■ **EXERCISE REQUIREMENTS**:
An acceptable answer contains each line of the material, unchanged.

■ **DATASET EXTRACT**:
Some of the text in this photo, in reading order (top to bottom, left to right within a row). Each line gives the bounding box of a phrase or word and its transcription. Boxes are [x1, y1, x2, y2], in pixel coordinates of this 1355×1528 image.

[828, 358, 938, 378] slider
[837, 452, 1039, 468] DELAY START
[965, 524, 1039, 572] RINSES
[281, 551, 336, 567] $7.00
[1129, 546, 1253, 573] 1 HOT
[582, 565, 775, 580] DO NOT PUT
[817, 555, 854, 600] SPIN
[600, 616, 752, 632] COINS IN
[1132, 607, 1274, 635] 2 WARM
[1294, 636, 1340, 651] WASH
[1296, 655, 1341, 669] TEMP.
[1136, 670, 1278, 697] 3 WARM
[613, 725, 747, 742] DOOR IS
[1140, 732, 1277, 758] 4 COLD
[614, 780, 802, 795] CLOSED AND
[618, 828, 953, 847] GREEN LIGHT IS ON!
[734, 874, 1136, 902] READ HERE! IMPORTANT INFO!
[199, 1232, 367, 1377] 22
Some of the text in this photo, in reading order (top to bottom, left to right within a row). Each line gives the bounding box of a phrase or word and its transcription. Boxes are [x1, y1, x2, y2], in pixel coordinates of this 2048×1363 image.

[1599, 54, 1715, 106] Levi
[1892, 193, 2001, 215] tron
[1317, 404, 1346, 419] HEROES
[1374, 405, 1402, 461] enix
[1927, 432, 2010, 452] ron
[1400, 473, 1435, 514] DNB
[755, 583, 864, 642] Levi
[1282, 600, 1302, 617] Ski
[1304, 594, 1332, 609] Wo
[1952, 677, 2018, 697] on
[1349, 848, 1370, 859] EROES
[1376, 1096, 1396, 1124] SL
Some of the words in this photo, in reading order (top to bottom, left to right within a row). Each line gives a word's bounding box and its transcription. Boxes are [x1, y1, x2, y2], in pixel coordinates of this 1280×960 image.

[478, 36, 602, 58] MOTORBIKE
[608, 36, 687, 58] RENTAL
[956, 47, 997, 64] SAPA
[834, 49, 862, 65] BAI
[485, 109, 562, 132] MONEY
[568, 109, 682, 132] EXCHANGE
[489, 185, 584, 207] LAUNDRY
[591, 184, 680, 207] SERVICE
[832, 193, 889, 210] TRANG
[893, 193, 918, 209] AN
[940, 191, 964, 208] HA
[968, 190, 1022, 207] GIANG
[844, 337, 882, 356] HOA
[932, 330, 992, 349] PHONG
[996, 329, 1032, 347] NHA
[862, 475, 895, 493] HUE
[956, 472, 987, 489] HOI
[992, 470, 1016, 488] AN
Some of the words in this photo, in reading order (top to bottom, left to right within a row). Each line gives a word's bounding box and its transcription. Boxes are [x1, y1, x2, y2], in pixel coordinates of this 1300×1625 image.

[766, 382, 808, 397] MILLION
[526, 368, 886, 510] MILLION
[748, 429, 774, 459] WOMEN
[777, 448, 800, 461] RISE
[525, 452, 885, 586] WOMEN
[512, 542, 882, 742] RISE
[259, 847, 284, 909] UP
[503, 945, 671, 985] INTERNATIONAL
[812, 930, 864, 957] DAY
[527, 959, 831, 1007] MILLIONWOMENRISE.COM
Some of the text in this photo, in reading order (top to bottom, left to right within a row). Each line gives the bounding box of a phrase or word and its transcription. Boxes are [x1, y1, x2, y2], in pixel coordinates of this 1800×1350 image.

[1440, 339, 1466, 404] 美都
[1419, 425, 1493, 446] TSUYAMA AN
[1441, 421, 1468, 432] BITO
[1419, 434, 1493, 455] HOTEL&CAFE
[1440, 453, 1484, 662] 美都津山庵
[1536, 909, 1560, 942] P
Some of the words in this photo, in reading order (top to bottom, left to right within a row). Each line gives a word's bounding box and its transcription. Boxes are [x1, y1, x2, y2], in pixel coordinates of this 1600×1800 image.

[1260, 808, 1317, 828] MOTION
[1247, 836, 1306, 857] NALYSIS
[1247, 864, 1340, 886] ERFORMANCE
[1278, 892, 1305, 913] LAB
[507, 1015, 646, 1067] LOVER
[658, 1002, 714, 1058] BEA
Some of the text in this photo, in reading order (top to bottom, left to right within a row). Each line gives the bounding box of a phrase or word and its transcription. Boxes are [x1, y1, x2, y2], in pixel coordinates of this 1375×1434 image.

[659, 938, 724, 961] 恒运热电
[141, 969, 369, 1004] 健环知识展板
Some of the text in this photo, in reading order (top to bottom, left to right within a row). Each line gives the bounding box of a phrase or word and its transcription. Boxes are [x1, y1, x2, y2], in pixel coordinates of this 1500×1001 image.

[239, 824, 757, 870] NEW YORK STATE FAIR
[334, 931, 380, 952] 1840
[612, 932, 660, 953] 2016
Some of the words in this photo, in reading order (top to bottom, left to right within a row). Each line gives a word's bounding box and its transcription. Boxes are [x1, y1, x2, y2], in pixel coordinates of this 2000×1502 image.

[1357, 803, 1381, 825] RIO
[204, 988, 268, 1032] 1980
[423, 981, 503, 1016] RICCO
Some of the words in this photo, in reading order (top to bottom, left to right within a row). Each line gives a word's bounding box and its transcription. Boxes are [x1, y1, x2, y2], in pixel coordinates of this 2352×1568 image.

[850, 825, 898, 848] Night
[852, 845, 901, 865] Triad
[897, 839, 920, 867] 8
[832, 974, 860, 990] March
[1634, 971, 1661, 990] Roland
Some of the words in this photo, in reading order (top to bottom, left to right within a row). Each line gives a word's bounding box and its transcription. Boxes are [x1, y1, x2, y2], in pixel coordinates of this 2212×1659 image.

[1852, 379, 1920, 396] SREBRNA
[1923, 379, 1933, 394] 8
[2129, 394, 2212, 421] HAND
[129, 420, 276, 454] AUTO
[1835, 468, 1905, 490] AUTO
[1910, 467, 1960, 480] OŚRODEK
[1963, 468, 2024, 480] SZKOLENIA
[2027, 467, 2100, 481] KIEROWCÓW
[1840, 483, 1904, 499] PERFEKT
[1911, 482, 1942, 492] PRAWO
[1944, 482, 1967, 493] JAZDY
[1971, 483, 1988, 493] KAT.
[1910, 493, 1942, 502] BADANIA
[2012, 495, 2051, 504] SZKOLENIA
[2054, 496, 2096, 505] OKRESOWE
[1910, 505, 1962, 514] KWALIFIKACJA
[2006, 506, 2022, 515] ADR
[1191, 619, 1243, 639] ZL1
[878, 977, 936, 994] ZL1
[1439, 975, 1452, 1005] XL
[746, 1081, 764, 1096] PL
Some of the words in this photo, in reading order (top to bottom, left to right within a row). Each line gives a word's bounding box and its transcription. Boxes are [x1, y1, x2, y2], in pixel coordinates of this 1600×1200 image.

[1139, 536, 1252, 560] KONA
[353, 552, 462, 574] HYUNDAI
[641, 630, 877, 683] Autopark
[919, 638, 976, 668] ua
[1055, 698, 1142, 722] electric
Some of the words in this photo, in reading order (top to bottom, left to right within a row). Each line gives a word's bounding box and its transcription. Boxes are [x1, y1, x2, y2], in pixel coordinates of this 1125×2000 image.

■ **RESPONSE TO THIS TASK**:
Some of the text in this photo, in reading order (top to bottom, left to right within a row). Each line gives the bounding box of a phrase or word and its transcription. Boxes are [x1, y1, x2, y2], in pixel coordinates of this 1355×1528 image.

[828, 358, 938, 378] slider
[837, 452, 1039, 468] DELAY START
[965, 524, 1039, 572] RINSES
[281, 551, 336, 567] $7.00
[1129, 546, 1253, 573] 1 HOT
[582, 565, 775, 580] DO NOT PUT
[817, 555, 854, 600] SPIN
[600, 616, 752, 632] COINS IN
[1132, 607, 1274, 635] 2 WARM
[1294, 636, 1340, 651] WASH
[1296, 655, 1341, 669] TEMP.
[1136, 670, 1278, 697] 3 WARM
[613, 725, 747, 742] DOOR IS
[1140, 732, 1277, 758] 4 COLD
[614, 780, 802, 795] CLOSED AND
[618, 828, 953, 847] GREEN LIGHT IS ON!
[734, 874, 1136, 902] READ HERE! IMPORTANT INFO!
[199, 1232, 367, 1377] 22
Some of the text in this photo, in reading order (top to bottom, left to right within a row). Each line gives the bounding box of a phrase or word and its transcription. Boxes are [x1, y1, x2, y2], in pixel coordinates of this 2048×1363 image.

[1599, 54, 1715, 106] Levi
[1892, 193, 2001, 215] tron
[1317, 404, 1346, 419] HEROES
[1374, 405, 1402, 461] enix
[1927, 432, 2010, 452] ron
[1400, 473, 1435, 514] DNB
[755, 583, 864, 642] Levi
[1282, 600, 1302, 617] Ski
[1304, 594, 1332, 609] Wo
[1952, 677, 2018, 697] on
[1349, 848, 1370, 859] EROES
[1376, 1096, 1396, 1124] SL
Some of the words in this photo, in reading order (top to bottom, left to right within a row). Each line gives a word's bounding box and its transcription. Boxes are [x1, y1, x2, y2], in pixel coordinates of this 1280×960 image.

[478, 36, 602, 58] MOTORBIKE
[608, 36, 687, 58] RENTAL
[956, 47, 997, 64] SAPA
[834, 49, 862, 65] BAI
[485, 109, 562, 132] MONEY
[568, 109, 682, 132] EXCHANGE
[489, 185, 584, 207] LAUNDRY
[591, 184, 680, 207] SERVICE
[832, 193, 889, 210] TRANG
[893, 193, 918, 209] AN
[940, 191, 964, 208] HA
[968, 190, 1022, 207] GIANG
[844, 337, 882, 356] HOA
[932, 330, 992, 349] PHONG
[996, 329, 1032, 347] NHA
[862, 475, 895, 493] HUE
[956, 472, 987, 489] HOI
[992, 470, 1016, 488] AN
Some of the words in this photo, in reading order (top to bottom, left to right within a row). Each line gives a word's bounding box and its transcription. Boxes are [x1, y1, x2, y2], in pixel coordinates of this 1300×1625 image.

[766, 382, 808, 397] MILLION
[526, 368, 886, 510] MILLION
[748, 429, 774, 459] WOMEN
[777, 448, 800, 461] RISE
[525, 452, 885, 586] WOMEN
[512, 542, 882, 742] RISE
[259, 847, 284, 909] UP
[503, 945, 671, 985] INTERNATIONAL
[812, 930, 864, 957] DAY
[527, 959, 831, 1007] MILLIONWOMENRISE.COM
Some of the text in this photo, in reading order (top to bottom, left to right within a row). Each line gives the bounding box of a phrase or word and its transcription. Boxes are [x1, y1, x2, y2], in pixel coordinates of this 1800×1350 image.

[1440, 339, 1466, 404] 美都
[1419, 425, 1493, 446] TSUYAMA AN
[1441, 421, 1468, 432] BITO
[1419, 434, 1493, 455] HOTEL&CAFE
[1440, 453, 1484, 662] 美都津山庵
[1536, 909, 1560, 942] P
Some of the words in this photo, in reading order (top to bottom, left to right within a row). Each line gives a word's bounding box and its transcription. Boxes are [x1, y1, x2, y2], in pixel coordinates of this 1600×1800 image.

[1260, 808, 1317, 828] MOTION
[1247, 836, 1306, 857] NALYSIS
[1247, 864, 1340, 886] ERFORMANCE
[1278, 892, 1305, 913] LAB
[507, 1015, 646, 1067] LOVER
[658, 1002, 714, 1058] BEA
Some of the text in this photo, in reading order (top to bottom, left to right within a row). Each line gives the bounding box of a phrase or word and its transcription. Boxes are [x1, y1, x2, y2], in pixel coordinates of this 1375×1434 image.

[659, 938, 724, 961] 恒运热电
[141, 969, 369, 1004] 健环知识展板
Some of the text in this photo, in reading order (top to bottom, left to right within a row). Each line gives the bounding box of a phrase or word and its transcription. Boxes are [x1, y1, x2, y2], in pixel coordinates of this 1500×1001 image.

[239, 824, 757, 870] NEW YORK STATE FAIR
[334, 931, 380, 952] 1840
[612, 932, 660, 953] 2016
Some of the words in this photo, in reading order (top to bottom, left to right within a row). Each line gives a word's bounding box and its transcription. Boxes are [x1, y1, x2, y2], in pixel coordinates of this 2000×1502 image.

[1357, 803, 1381, 825] RIO
[204, 988, 268, 1032] 1980
[423, 981, 503, 1016] RICCO
Some of the words in this photo, in reading order (top to bottom, left to right within a row). Each line gives a word's bounding box and its transcription. Boxes are [x1, y1, x2, y2], in pixel coordinates of this 2352×1568 image.

[850, 825, 898, 848] Night
[852, 845, 901, 865] Triad
[897, 839, 920, 867] 8
[832, 974, 860, 990] March
[1634, 971, 1661, 990] Roland
Some of the words in this photo, in reading order (top to bottom, left to right within a row). Each line gives a word's bounding box and its transcription. Boxes are [x1, y1, x2, y2], in pixel coordinates of this 2212×1659 image.

[1852, 379, 1920, 396] SREBRNA
[1923, 379, 1933, 394] 8
[2129, 394, 2212, 421] HAND
[129, 420, 276, 454] AUTO
[1835, 468, 1905, 490] AUTO
[1910, 467, 1960, 480] OŚRODEK
[1963, 468, 2024, 480] SZKOLENIA
[2027, 467, 2100, 481] KIEROWCÓW
[1840, 483, 1904, 499] PERFEKT
[1911, 482, 1942, 492] PRAWO
[1944, 482, 1967, 493] JAZDY
[1971, 483, 1988, 493] KAT.
[1910, 493, 1942, 502] BADANIA
[2012, 495, 2051, 504] SZKOLENIA
[2054, 496, 2096, 505] OKRESOWE
[1910, 505, 1962, 514] KWALIFIKACJA
[2006, 506, 2022, 515] ADR
[1191, 619, 1243, 639] ZL1
[878, 977, 936, 994] ZL1
[1439, 975, 1452, 1005] XL
[746, 1081, 764, 1096] PL
Some of the words in this photo, in reading order (top to bottom, left to right within a row). Each line gives a word's bounding box and its transcription. Boxes are [x1, y1, x2, y2], in pixel coordinates of this 1600×1200 image.

[1139, 536, 1252, 560] KONA
[353, 552, 462, 574] HYUNDAI
[641, 630, 877, 683] Autopark
[919, 638, 976, 668] ua
[1055, 698, 1142, 722] electric
Some of the words in this photo, in reading order (top to bottom, left to right within a row). Each line gives a word's bounding box and its transcription. Boxes are [x1, y1, x2, y2], in pixel coordinates of this 1125×2000 image.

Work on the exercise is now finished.